Segment Start: Task inputs

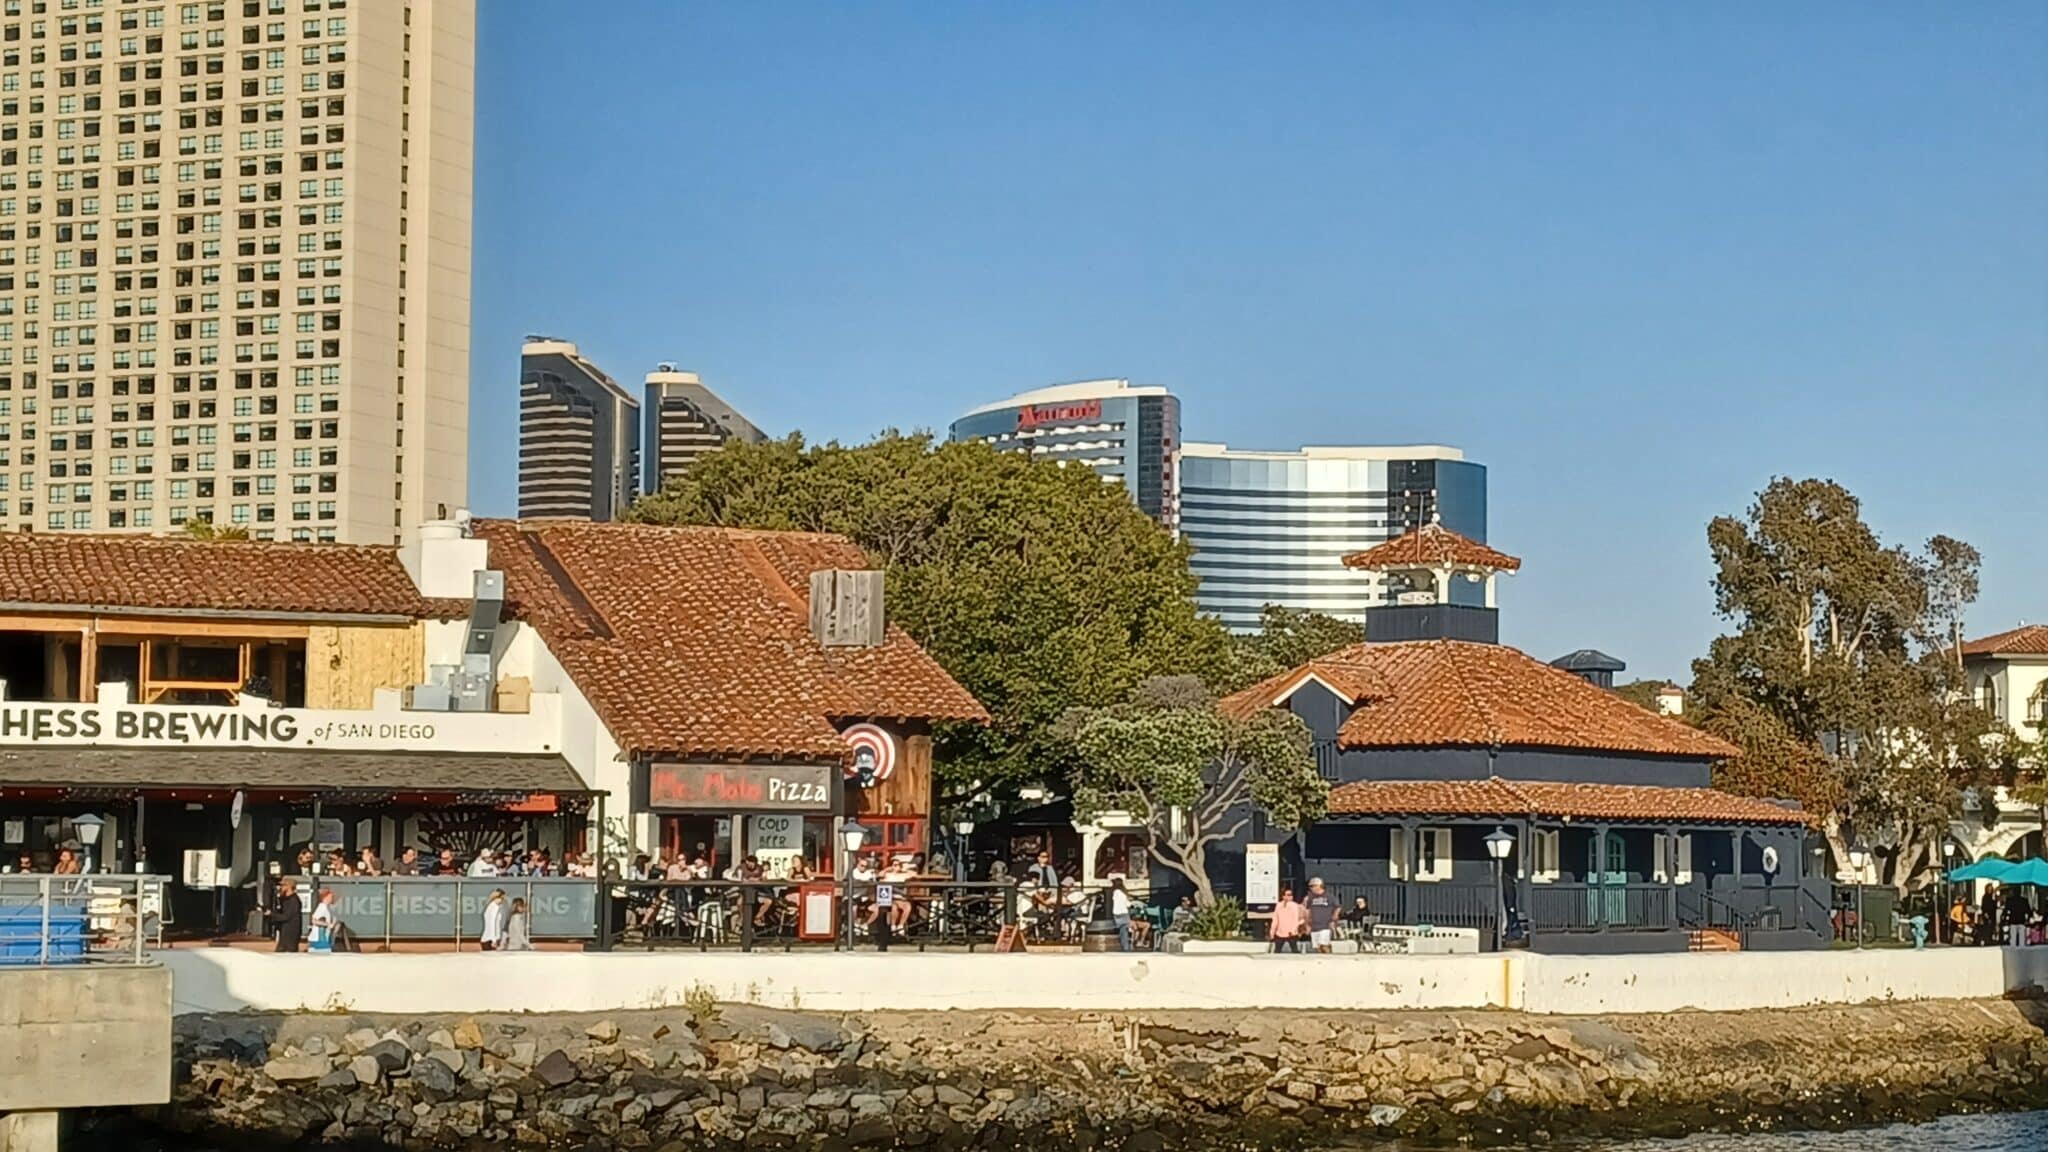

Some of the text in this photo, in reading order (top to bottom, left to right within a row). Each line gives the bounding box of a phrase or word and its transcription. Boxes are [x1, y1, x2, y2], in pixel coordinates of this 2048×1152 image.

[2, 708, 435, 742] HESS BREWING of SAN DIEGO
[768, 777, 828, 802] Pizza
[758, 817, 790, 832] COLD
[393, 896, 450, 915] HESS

Segment End: Task inputs

▸ **What to work on**
Omitting all pictures, copy the preceding entries without any alteration.

▸ **Task solution**
Some of the text in this photo, in reading order (top to bottom, left to right within a row). Each line gives the bounding box of a phrase or word and its transcription. Boxes are [x1, y1, x2, y2], in pixel coordinates of this 2048×1152 image.

[2, 708, 435, 742] HESS BREWING of SAN DIEGO
[768, 777, 828, 802] Pizza
[758, 817, 790, 832] COLD
[393, 896, 450, 915] HESS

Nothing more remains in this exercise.